Owners, teachers protest as future of 150,000 students at stake
Rawalpindi, May 05: The Rawalpindi Private Schools Educational Society, along with other private school organisations, held a 'protest march' here on Monday against the closure of academic institutions in the city and raised slogans against the administration for its 'wrong decision'.
Raising slogans, the protesters expressed concern over the decision and said that it would jeopardise the future of more than 150,000 students, who are getting education in more than 918 private schools in the city.
A large number of teachers and owners of different private schools, carrying banners and placards, marched from the Rawalpindi Press Club to Moti Plaza on Benazir Bhutto Road. Traffic remained blocked for half an hour due to it.
The protest rally was led by Acting President of RAPS Nasreen Tariq, Senior Vice President Asia Talha, General Secretary Asif Mehmood and Tehmina Malik. The protesters raised slogans, including 'Open the Schools', 'Don't Play with the Future of Children' and 'Spread Education,' on the occasion. After the 'march,' RAPS office-bearers talked to journalists.
RAPS Acting President Nasreen Tariq said that the future of more than 150,000 students, studying in 918 private institutions, was at stake as the cantonment administration had issued notices to owners of all schools in residential areas to close down their premises immediately. She said that the administration had already sealed five schools in different localities of the city.
She said that at present there is no valid policy under the Cantonment Ordinance 2002 that provides for establishment of private schools in cantonment areas. The office of the station commander issued standard operating procedures (SOS) in 2004, under which private schools were issued no-objection certificates (NOCs) for operation in cantonment areas.

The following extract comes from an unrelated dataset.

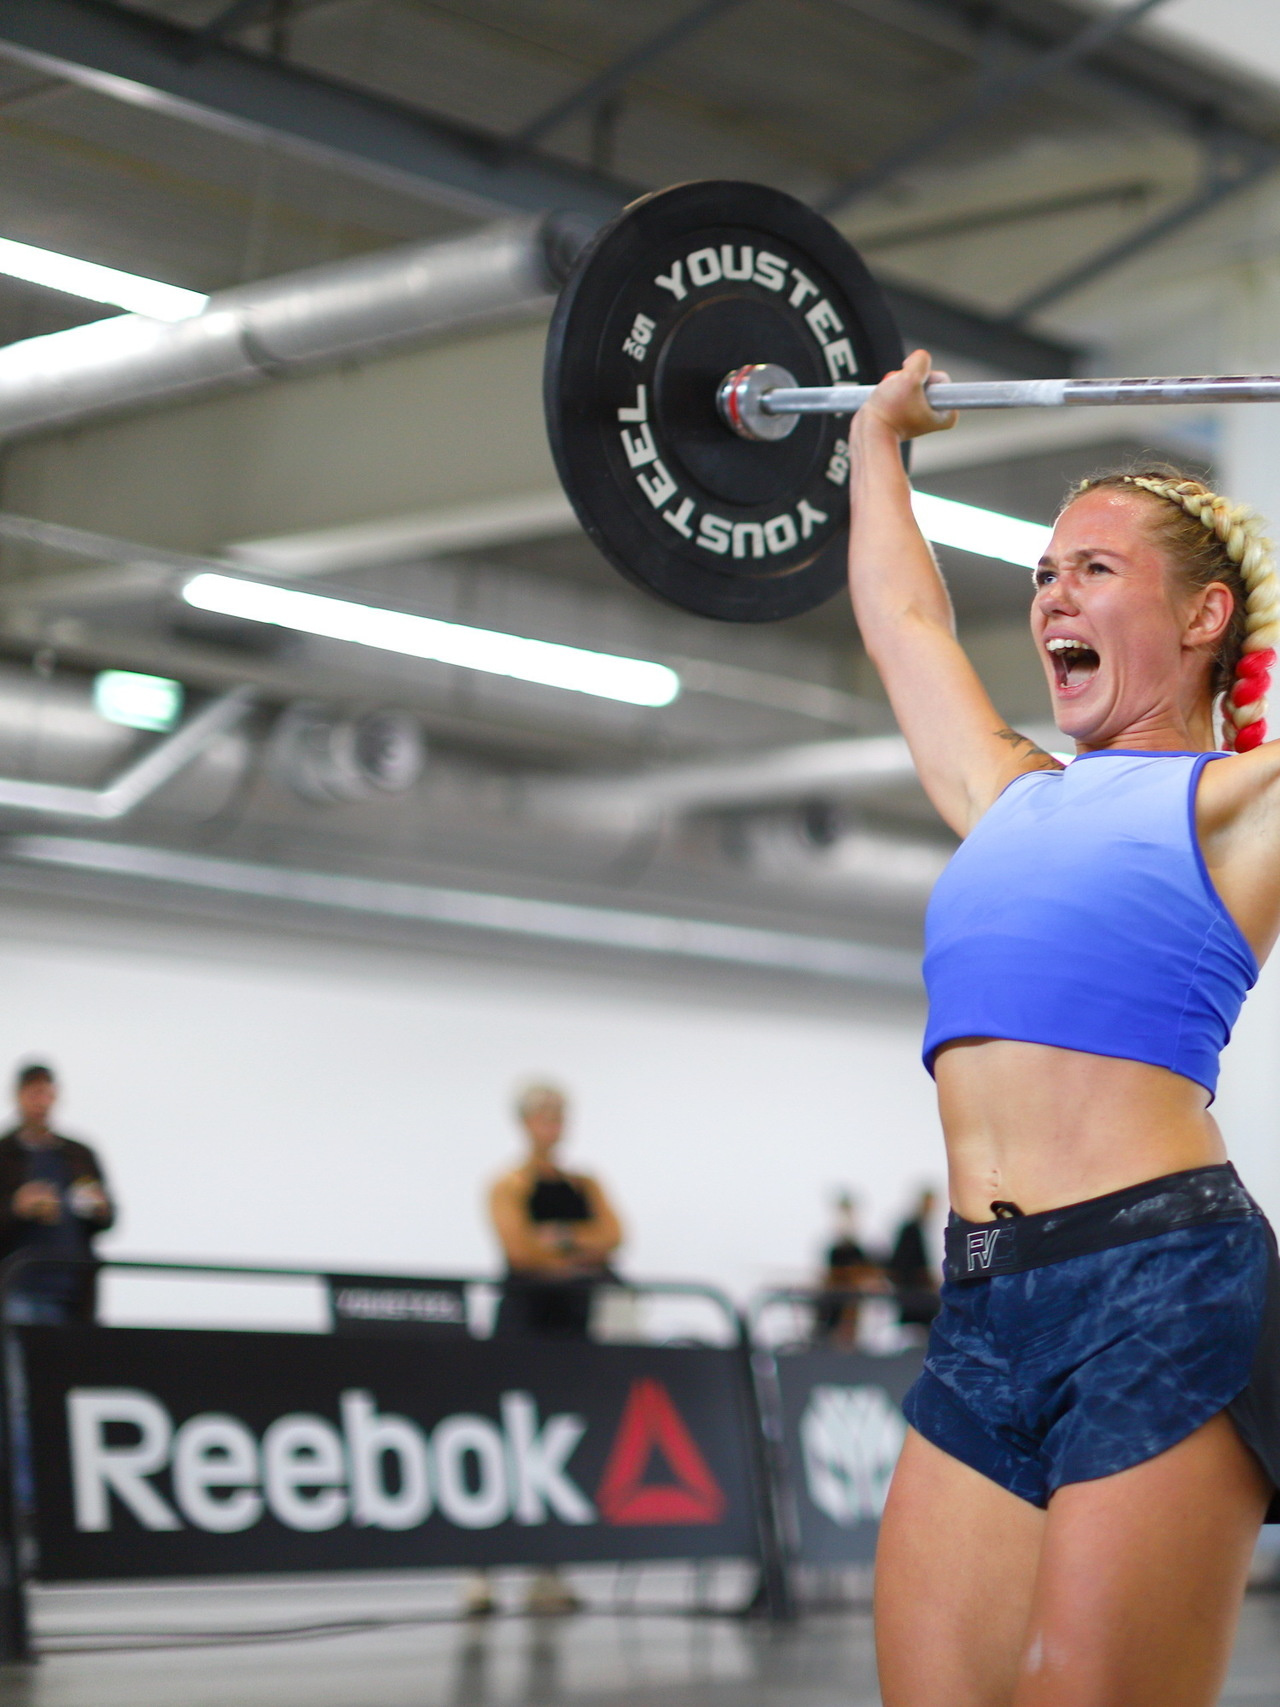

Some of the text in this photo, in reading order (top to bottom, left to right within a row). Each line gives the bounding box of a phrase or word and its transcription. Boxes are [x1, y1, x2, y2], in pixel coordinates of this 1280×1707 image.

[621, 337, 647, 363] KG
[630, 312, 657, 346] 5
[617, 383, 828, 559] YOUSTEEL
[66, 1386, 597, 1534] Reebok

But there are problems with this process like the issuance of NOC is discretionary and depends on the whims of the station commander or the influence of the party seeking the NOC. Secondly, the NOC is issued for periods of one, two or three years. Once it expires, the station commander can always refuse to extend it further, she said.

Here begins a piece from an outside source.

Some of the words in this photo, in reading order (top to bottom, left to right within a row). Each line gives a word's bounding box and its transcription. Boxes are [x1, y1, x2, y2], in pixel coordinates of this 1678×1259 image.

She said that owners of schools are neither being issued new NOCs nor old ones are being renewed. This issue has further been compounded with the sealing and forced closure of schools. The reason cited for the action is that these schools are causing security and traffic problems as they are situated in residential areas. She said that security and traffic problems are a national dilemma and the presence of schools in residential areas is no problem, so there is no need to close them down.

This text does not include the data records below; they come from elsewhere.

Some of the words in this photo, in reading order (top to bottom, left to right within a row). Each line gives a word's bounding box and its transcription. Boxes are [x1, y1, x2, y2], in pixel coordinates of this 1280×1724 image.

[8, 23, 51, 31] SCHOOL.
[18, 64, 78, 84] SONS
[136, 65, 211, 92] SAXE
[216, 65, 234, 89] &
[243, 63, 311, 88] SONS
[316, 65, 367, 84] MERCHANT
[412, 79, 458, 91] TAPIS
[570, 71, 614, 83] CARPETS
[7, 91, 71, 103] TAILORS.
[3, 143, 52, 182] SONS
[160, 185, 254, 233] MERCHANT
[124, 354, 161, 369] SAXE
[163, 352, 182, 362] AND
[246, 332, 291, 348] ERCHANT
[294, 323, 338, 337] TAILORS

She said that not only students but more than 20,000 teachers and other staff members working in educational institutions would be affected with the closure of schools. She urged the cantonment administration to reopen all closed schools immediately, hold talks with private school managements and cancel the orders of issuing notices to school administrations in future.
RAPS General Secretary Asif Mehmood said that the cantonment administration should think about the future of students studying in private schools.
When contacted, Rawalpindi Cantonment Board (RCB) Chief Executive Officer Shaikh Shahid Bashir said that they are taking action against private schools according to the government policy. They are taking action on public complaints that schools in residential areas are creating problems for them. Getting an NOC is a must for schools otherwise they would face closure. Crackdown on private schools in residential areas would continue in future, he said.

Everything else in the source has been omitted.